Ethics and Evidence-Based Medicine: Is There a Conflict?

Erich H. Loewy, MD

In This Article

Towards a More Group-Appropriate Application

As mentioned earlier, it is not rare that certain racial groups or females were, by virtue of their race or sex, denied the chance to volunteer for experiments. This makes the findings specific, let us say, to white males between the ages of 20 and 30. It is inappropriate scientifically (and good ethics must start with good facts) to apply such findings in a 70-year-old black woman. Some studies will seek out legitimate ethnic groupings; we do not expect to find many white people with sickle cell anemia or many Norwegians with Tay-Sachs. On the other hand, the fact that hypertension in blacks appears to be a far more devastating disease merits studying such groups separately. But otherwise, when we study such things as infectious disease, parkinsonism, or epilepsy, there is no appropriate reason to exclude women or blacks.

Nevertheless, all such studies show is that a certain group is "more (or less) apt to respond in a certain way" but it does not speak directly to a specific patient. All it can tell us is that in general and for the most part it may be wise not to start treating a hypertensive black male with beta-blockers. But even knowing this, it is still the individual patient who is being treated. Take, for example, a 25-year-old black man with a pulse of 90, fairly anxious and not thyrotoxic: Starting to treat such a patient with a beta-blocker first -- even if it happens to run counter to EBM -- is not unreasonable.

But when we study the effect of drugs we should be attentive to apparent differences in such groups. In choosing initial therapy, the physician has to weigh many factors in starting therapy: heart rate, easy perspiration, and ethnic factors. These groups may respond differently to these drugs but that is precisely why such experiments should (with large enough cohorts) do such preliminary studies with a broad base and then concentrate on particular groups. It seems well established that young, black males statistically respond less well to beta-blockers than do their white counterparts. Having seen this as strongly suggestive in experiments, one might then be justified to use a group of black vs a group of white subjects who are otherwise as identical as possible in dissecting out the differences. But even having done this, it is still the individual patient who is being treated.

EBM, unless it is tried in different groups and under different circumstances, must be used with great caution. We must know precisely what the criteria for selection were and why these were chosen and not others. New drugs tried in females during their menstrual years is indeed risky, and not accepting them as subjects unless they take birth-control pills or have Norpace placed subcutaneously introduces yet another variable in the equation -- and yet this separate group will have to be tried if a needed drug is to be made available. One thing we cannot do -- and call it EBM -- is to extrapolate, for example, from a pure male group to females or from a young group to elderly persons.

Interestingly enough, patients in double-blind studies in general want to be on the new rather than the old plan. This is a form of positivism, for it may well turn out that the new is more dangerous or less effective than the old. In giving them the information necessary to obtain informed consent or refusal, this must be made crystal-clear to the patient. Newer (or more) is not therefore better. EBM protocols, fortunately, do not (yet) control people in studies.

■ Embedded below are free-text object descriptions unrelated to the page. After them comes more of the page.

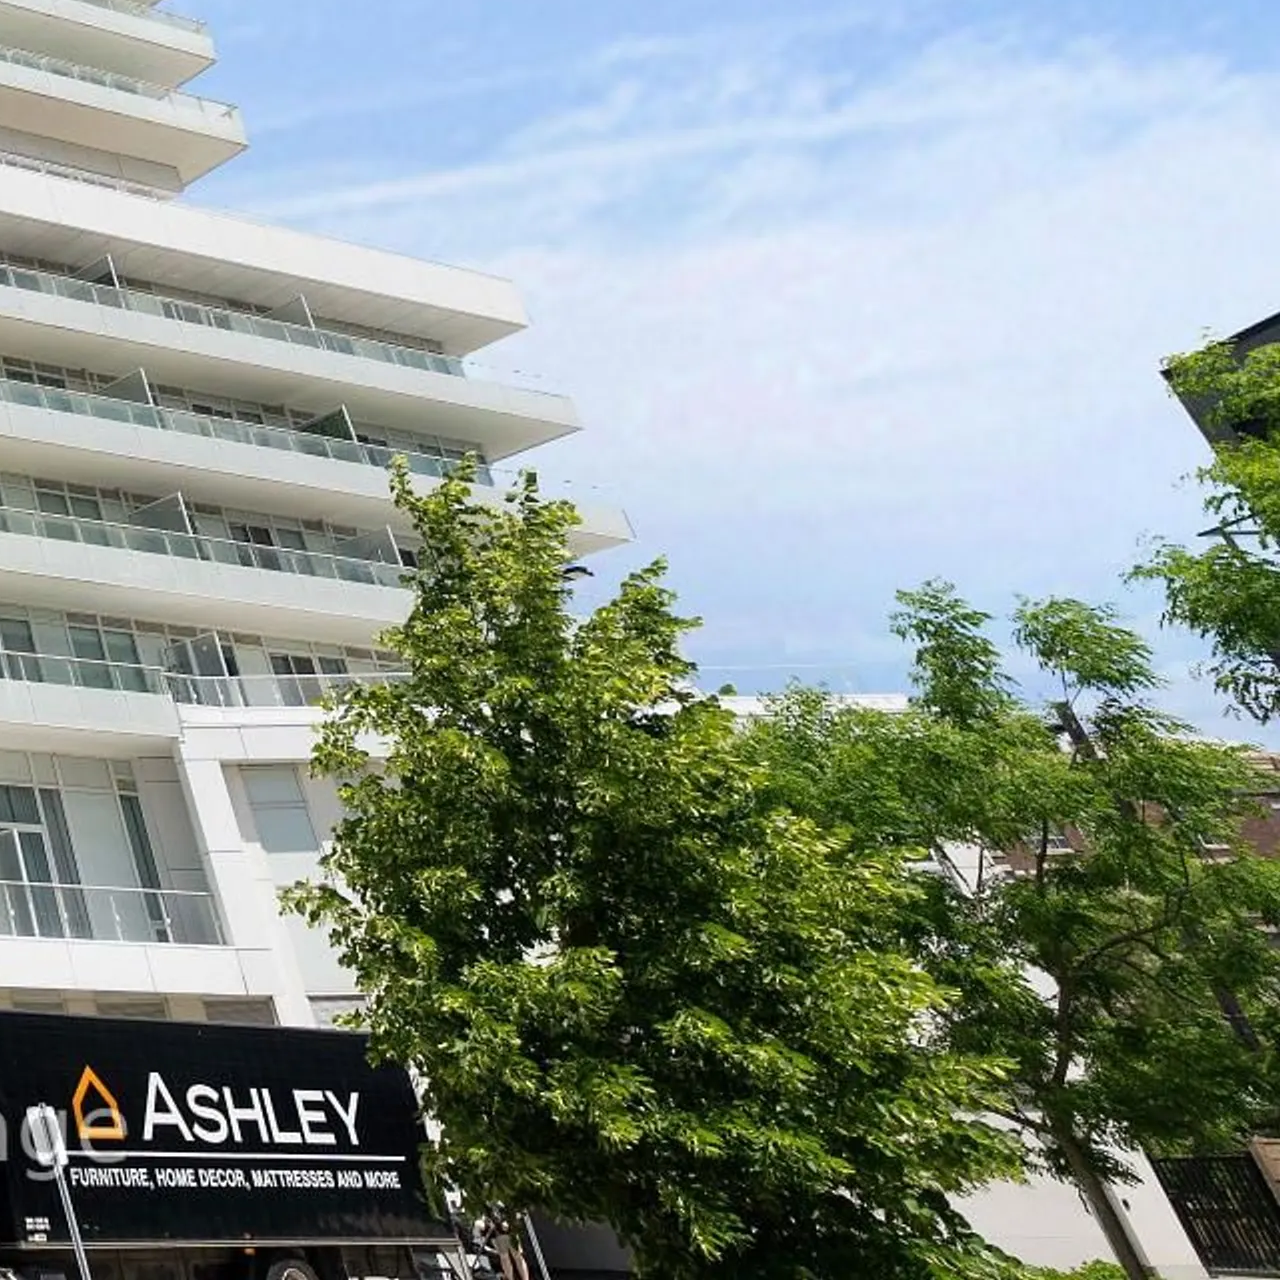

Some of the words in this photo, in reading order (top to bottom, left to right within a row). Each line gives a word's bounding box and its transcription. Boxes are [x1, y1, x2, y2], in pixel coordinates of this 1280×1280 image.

[142, 1071, 360, 1146] ASHLEY
[70, 1167, 155, 1191] FURNITURE,
[156, 1168, 197, 1188] HOME
[198, 1168, 252, 1191] DECOR,
[252, 1170, 335, 1189] MATTRESSES
[336, 1170, 364, 1189] AND
[364, 1170, 402, 1189] MORE

One of the deplorable things that have occurred in the United States is television, newspaper, and magazine advertising for certain prescription medications urging patients to ask their physician to prescribe a specific drug. Never mind that it is extremely expensive or that generics or another nongeneric does the same thing at a lower cost. The rise in drug prices has been astronomical at a time when generic forms or those made by another company are much cheaper. EBM often plays a role in hospital formularies. This is all well and good, but not if "evidence" is the drug-salesman's latest pitch. Research -- a public good because health is a public good -- has become a fertile tax write-off. And yet much of what drug companies call "research" is merely rearranging a molecule so that it is at least as effective as that of one's competitors, and serves as a further excuse to keep the price of medicines artificially high. The United States by far leads in the price of drugs; drugs made in the US are sold much cheaper in Canada or the European Union.[8]

EBM, then, could be a fine thing if we use it as a guide only for the proper group that was studied and if we begin to realize that it was originally meant to give priority to the good of patients, not stockholders. Constructing an EBM protocol (again, with serving the patient's good in mind) can be an excellent learning experience, whereas merely following an EBM is destructive to thinking. Such a committee could, conceptually, function as a place where physicians, pharmacologists, pharmacists, and nurses exchange information on the latest forms of therapy and where they are stimulated to learn more. Unfortunately, committees of this sort are to a major extent involved in economic matters. It is true that "more" (or the most costly) is not, therefore, "better" but neither is it the case that "least" (or the least expensive) is!